Auch wenn das noch nicht bedeutet, dass China derzeit in diesem Bereich führt, „zeigt es uns sehr deutlich, wohin die Reise geht“, sagt Zachary Arnold, leitender Analyst des Emerging Technology Observatory (ETO) an der Georgetown University in Washington, D.C., das die Analyse durchgeführt hat.
Die am 3. März veröffentlichte Studie ergab, dass zwischen 2018 und 2023 mehr als doppelt so viele wissenschaftliche Veröffentlichungen zu Chip-Design und -Fertigung von chinesischen als von US-amerikanischen Institutionen verfasst wurden. Und es geht nicht nur um die Quantität: Auch qualitativ liegt China vorn. So waren chinesische Forscher an 50 % der meistzitierten Veröffentlichungen (Top 10 % pro Jahrgang) beteiligt – verglichen mit 22 % aus den USA und 17 % aus Europa.
Die Forschungsarbeiten umfassen ein breites Spektrum: von klassischen Halbleitern und GPUs für Künstliche Intelligenz bis hin zu völlig neuen Chip-Architekturen. Um relevante Veröffentlichungen zu identifizieren, trainierte das ETO-Team eigens einen Algorithmus für maschinelles Lernen. Die Studie erfasst vor allem Grundlagenforschung zu neuen Chiptechnologien – nicht jedoch kommerzielle Entwicklungen, die oft proprietär und nur inkrementell sind, betont Arnold.
Berücksichtigt wurden ausschließlich Publikationen mit englischsprachigem Abstract – was bei chinesischen Arbeiten bedeutet, dass es sich meist um solche mit internationaler Relevanz handelt.

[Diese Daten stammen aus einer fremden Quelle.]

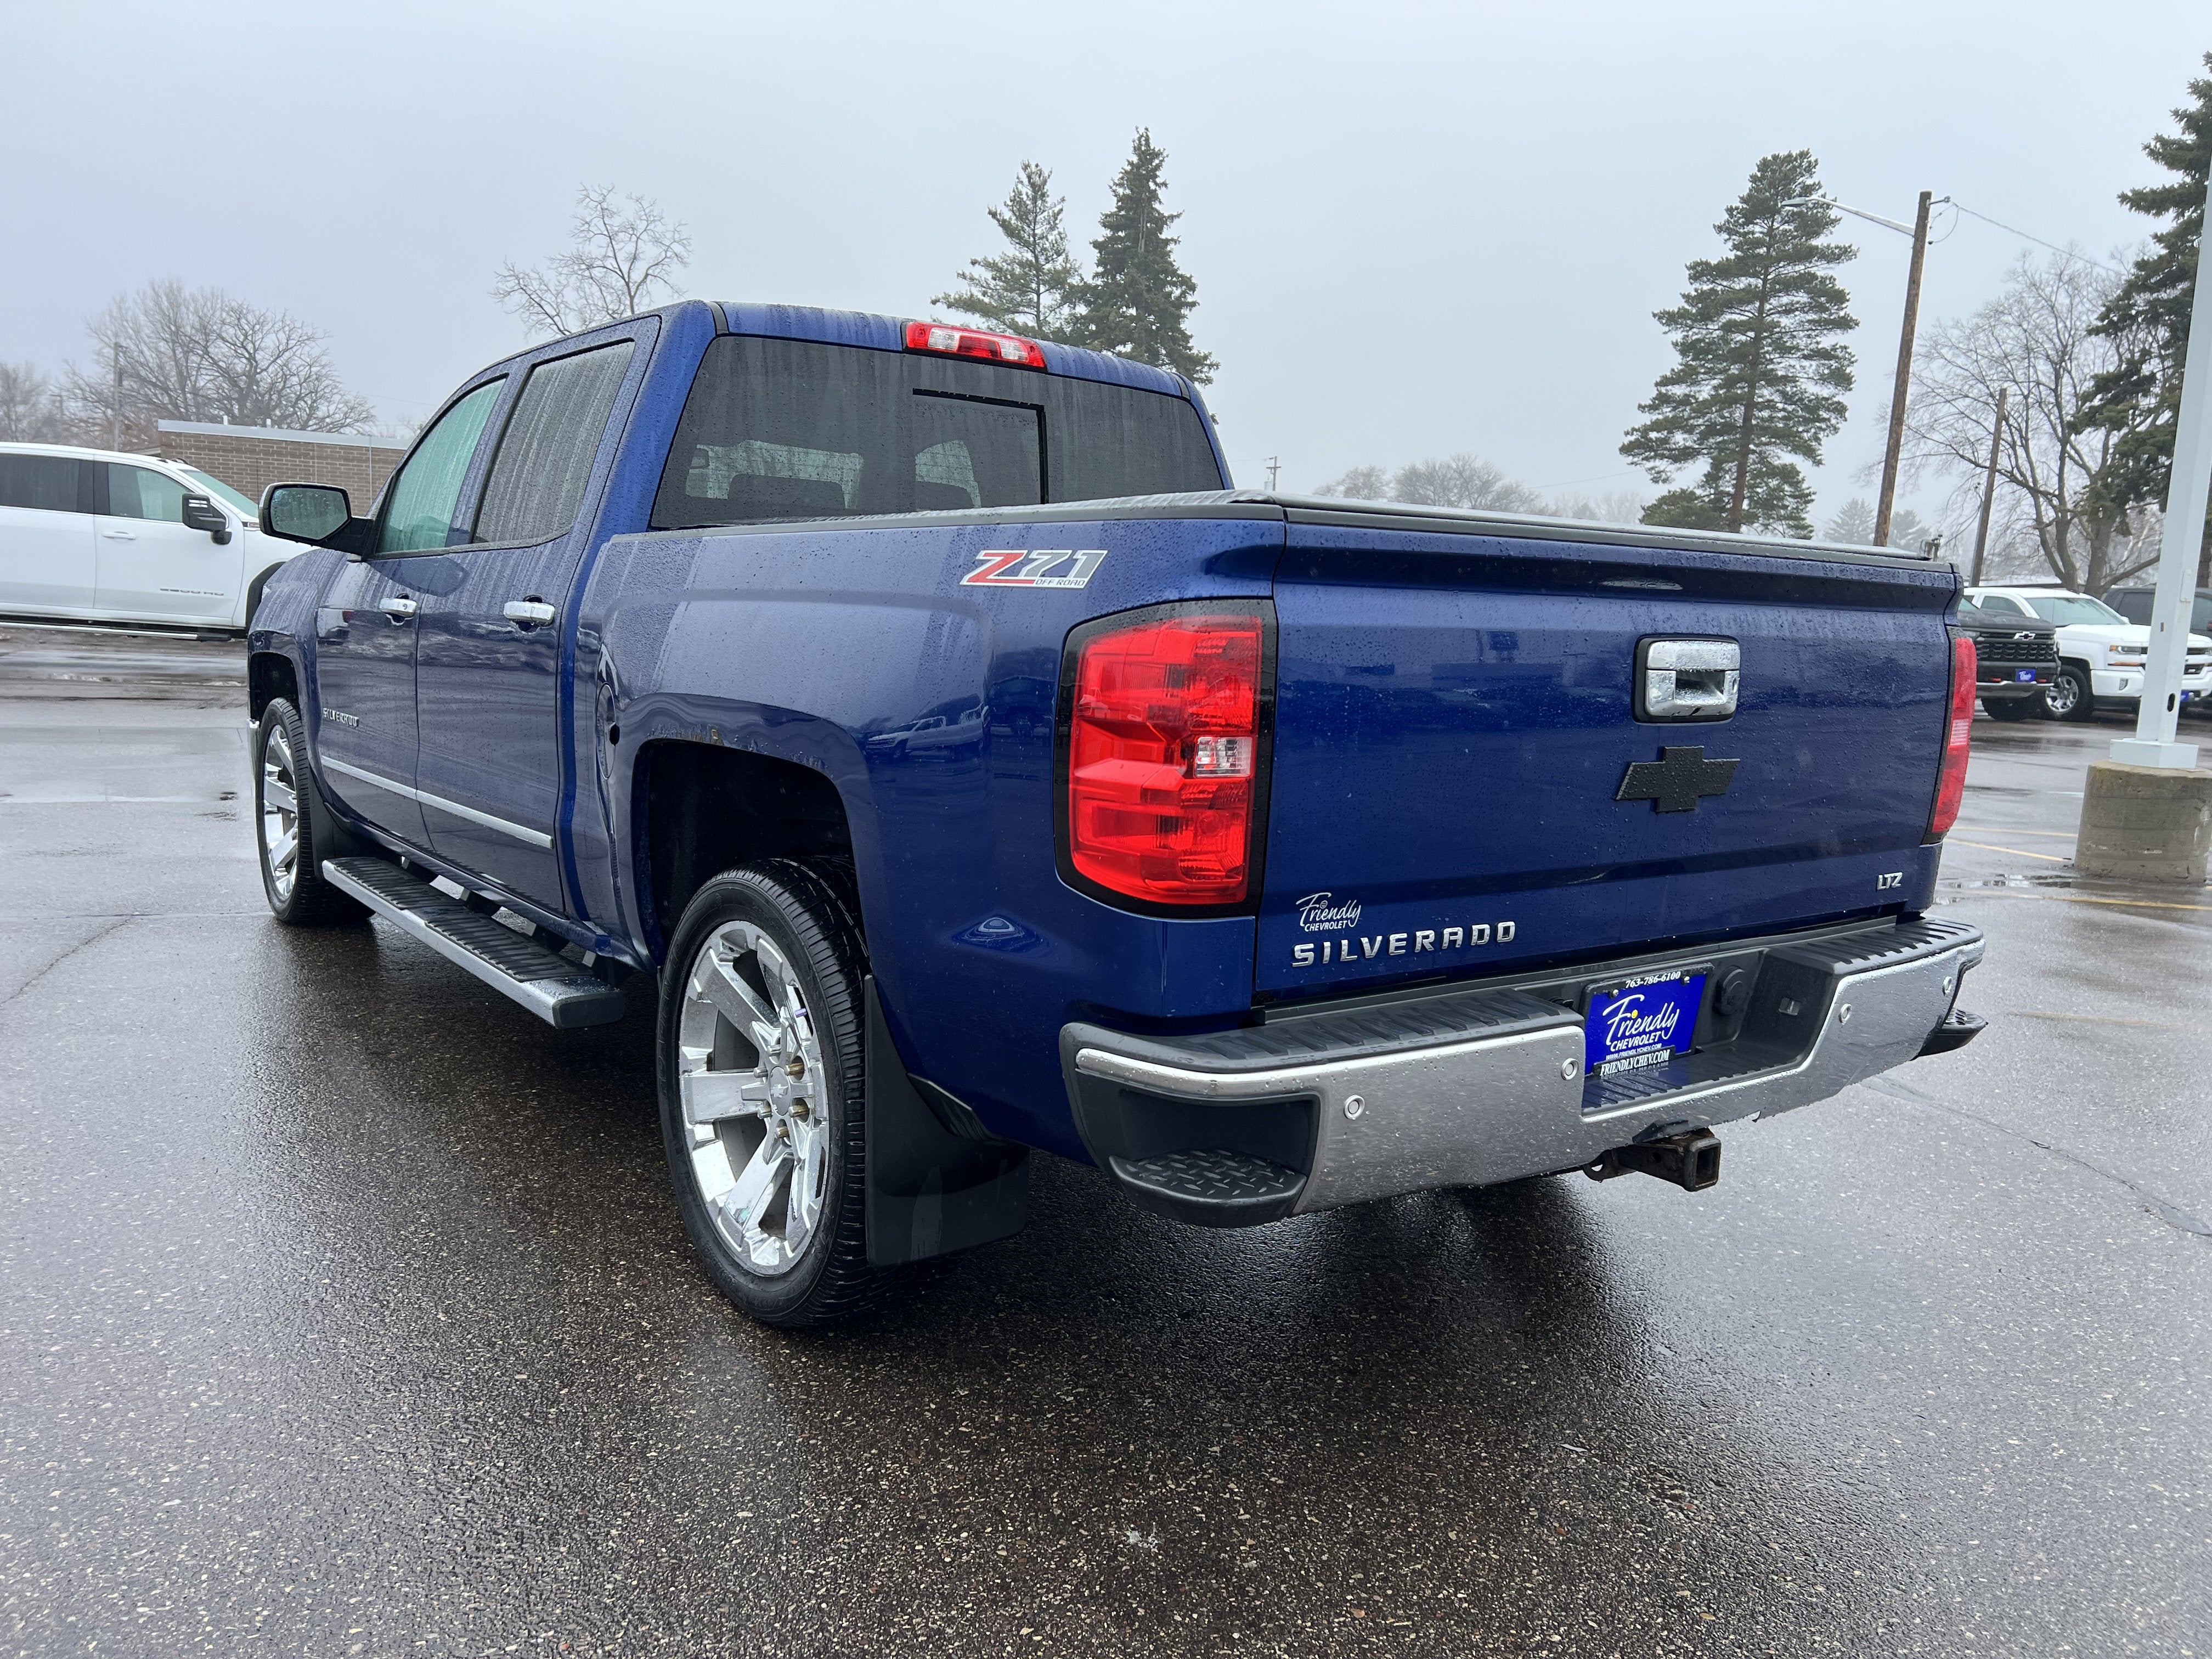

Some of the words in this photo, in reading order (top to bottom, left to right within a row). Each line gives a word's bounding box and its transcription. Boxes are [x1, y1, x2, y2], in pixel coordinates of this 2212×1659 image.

China habe seine Forschungsleistung in vielen Bereichen stark gesteigert, so Arnold. „Aber ich kenne kein anderes Feld mit so einem deutlichen Abstand“, sagt er. „Bei dieser Intensität ist es schwer vorstellbar, dass das nicht bald massive Auswirkungen auf Chinas technologische und industrielle Fähigkeiten hat.“
Wissenschaftliche Wirkung
Die Zahlen decken sich mit den Erfahrungen von Yunji Chen, Leiter des State Key Laboratory of Processors in Peking und Mitgründer von Cambricon, einem Unternehmen für KI-optimierte Chips. Laut Chen hinkt Chinas Fertigungskapazität dem Chipdesign noch hinterher – auch infolge von US-Sanktionen.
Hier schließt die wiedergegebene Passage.